Moses, who studies at the nearby Royal Central School of Speech and Drama in Eton Avenue, was leaving the pub with a friend at about 10.30pm on June 21 when, as he crossed the road near the Swiss Cottage Tube station, he said he was tackled to the ground by a number of police officers.
He has since made an official complaint to the police, who have admitted using "force" to search him and another man on the night in question.
Moses told this newspaper: "Supposedly we looked like we were doing a deal. Six officers stopped me - and not my friend - in the middle of a zebra crossing.
"I was immediately grabbed and forced to the floor, all the while being told to 'stop resisting' while a knee was placed on my chest and my hands were held down.
"[I was] humiliated publicly - I've never been put in a position where I received a display of such raw aggression from the police."
He continued: "It took place as I was crossing back towards my friends who were leaving the pub.

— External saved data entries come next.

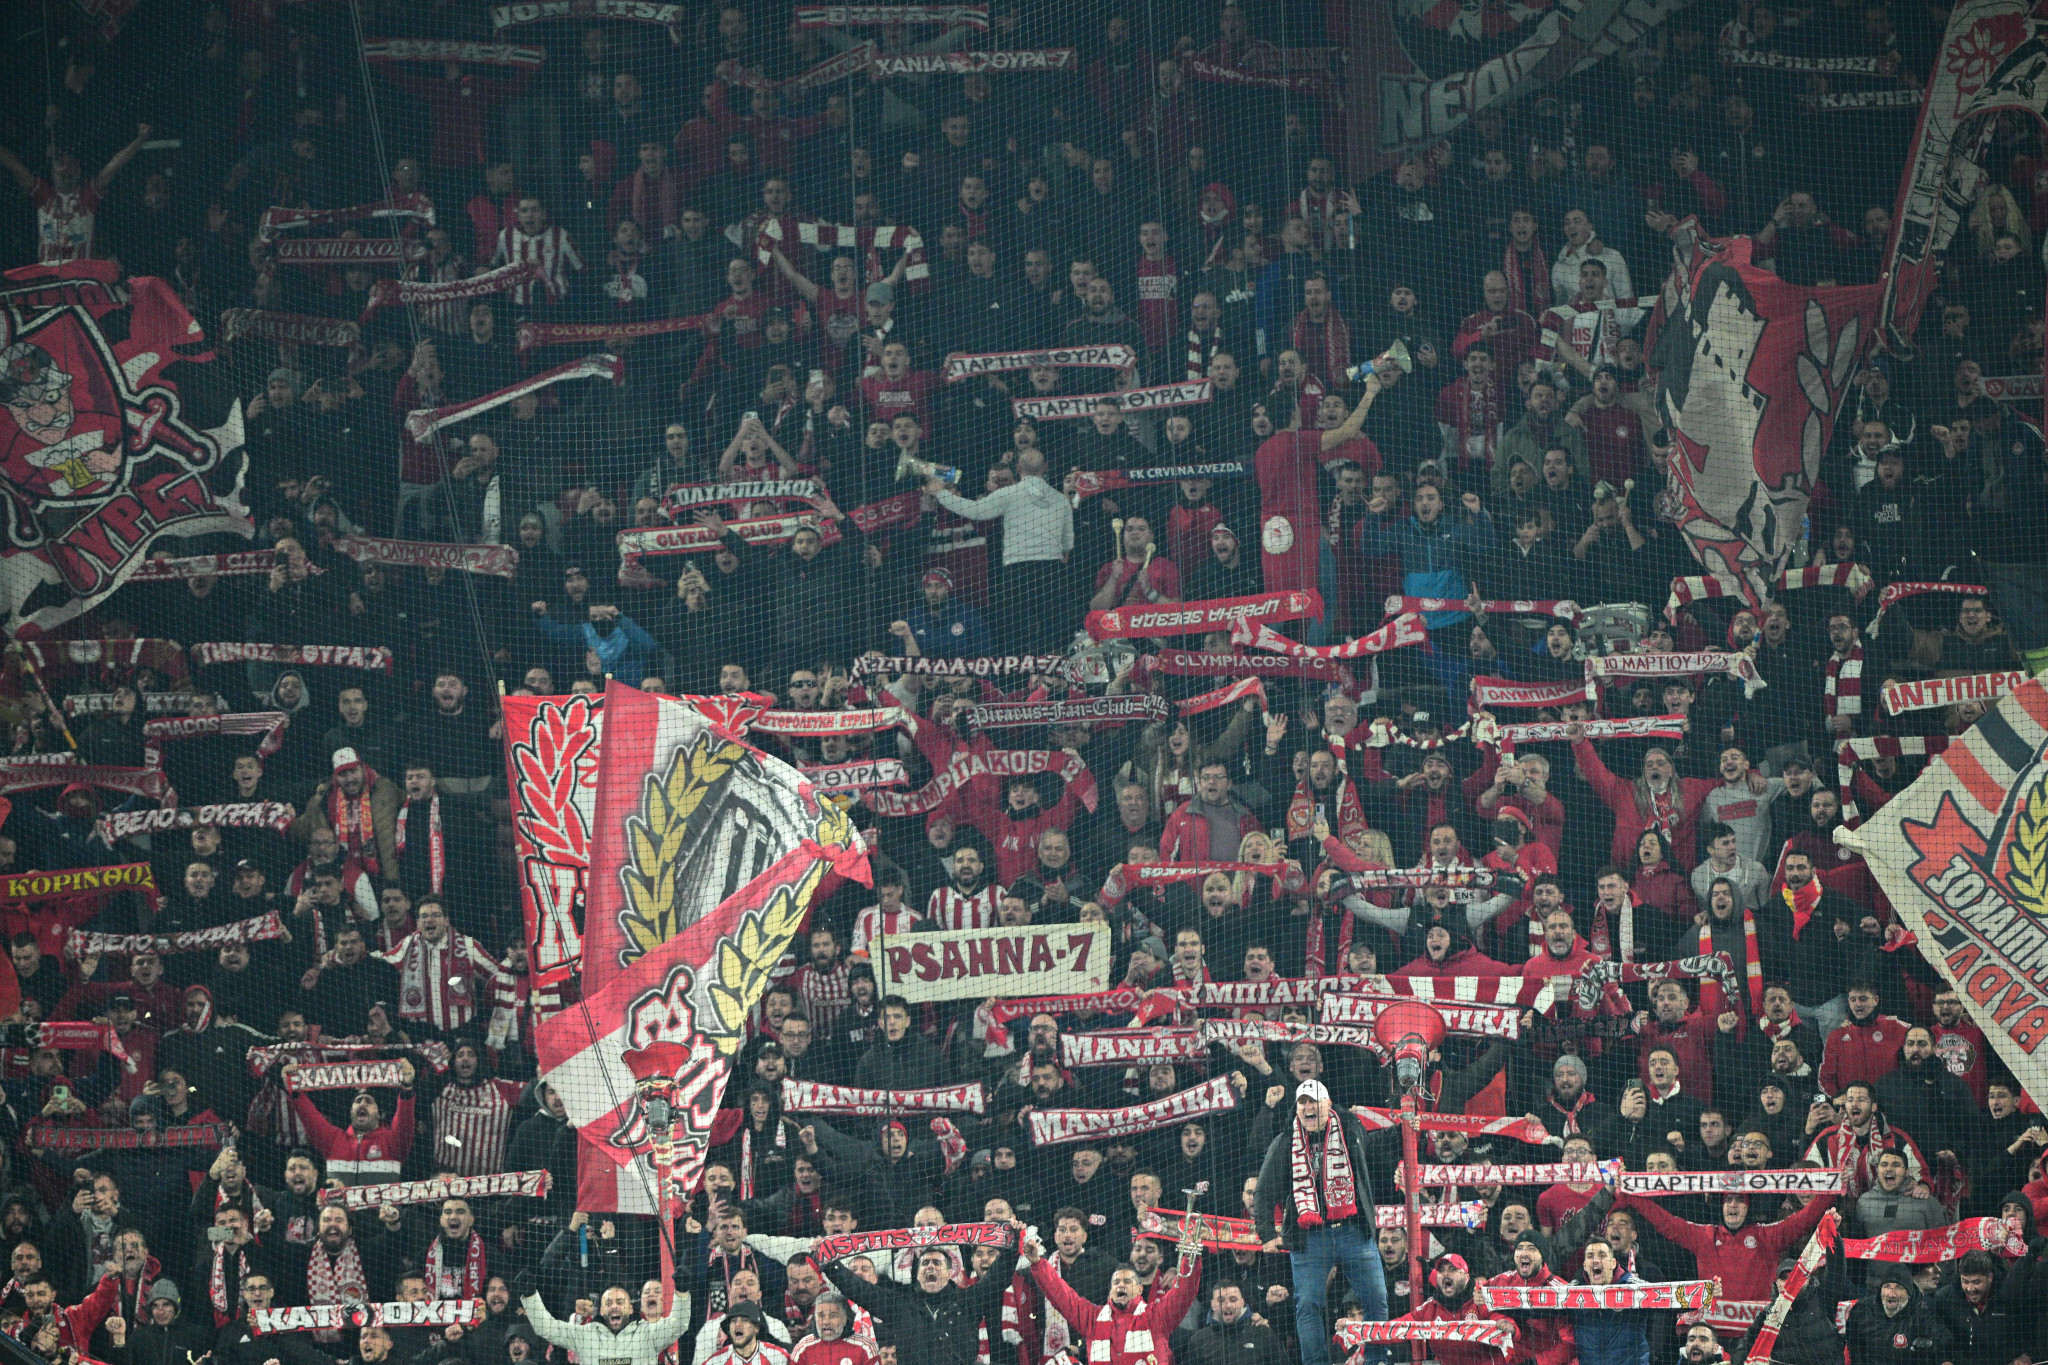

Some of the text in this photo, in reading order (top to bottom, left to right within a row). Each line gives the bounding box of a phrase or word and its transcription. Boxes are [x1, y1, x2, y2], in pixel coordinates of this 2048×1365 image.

[990, 51, 1068, 69] ΘΥΡΑ-7
[1129, 470, 1142, 481] FK
[1193, 462, 1243, 477] ZVEZDA
[656, 525, 783, 546] GLYFAD CLUB
[1174, 653, 1328, 668] OLYMPIACOS FC
[1621, 657, 1687, 673] ΜΑΡΤΙΟΥ
[8, 863, 155, 892] ΚΟΡΙΝΘΟΣ
[887, 930, 1095, 985] PSAHNA-7
[1321, 992, 1519, 1038] ΜΑΤΙΚΑ
[783, 1079, 983, 1114] ΜΑΝΙΑΤΙΚΑ
[1030, 1075, 1232, 1145] ΜΑΝΙΑΤΙΚΑ
[1619, 1170, 1837, 1191] ΣΠΑΡΤΗ ΘΥΡΑ-7
[937, 1224, 999, 1244] GATE
[1490, 1284, 1674, 1308] ΒΟΛΟΣ

It lasted around 25 minutes."
"The main officer said: 'There are a lot of crimes in the area,' and: 'If someone reported that someone had a knife, we wouldn't go and ask [...] - we'd go in, grab him and be ready to throw punches.'"
The student, who was brought up in Finchley but now lives in Stratford, said he was shocked by being mistaken for a criminal, and was confused by the reference to a knife, "especially since this wasn't the crime they supposedly stopped me for".
Moses' older sister Maya, 29, also condemned what happened, and said it was emblematic of police behaviour towards young black men.
She told the Ham&High: "Police on patrol saw them and assessed the white young man's behaviour to be 'sketchy'. But their immediate reaction was to forcibly handcuff and pin the black young man to the pavement in front of a crowd of his university peers."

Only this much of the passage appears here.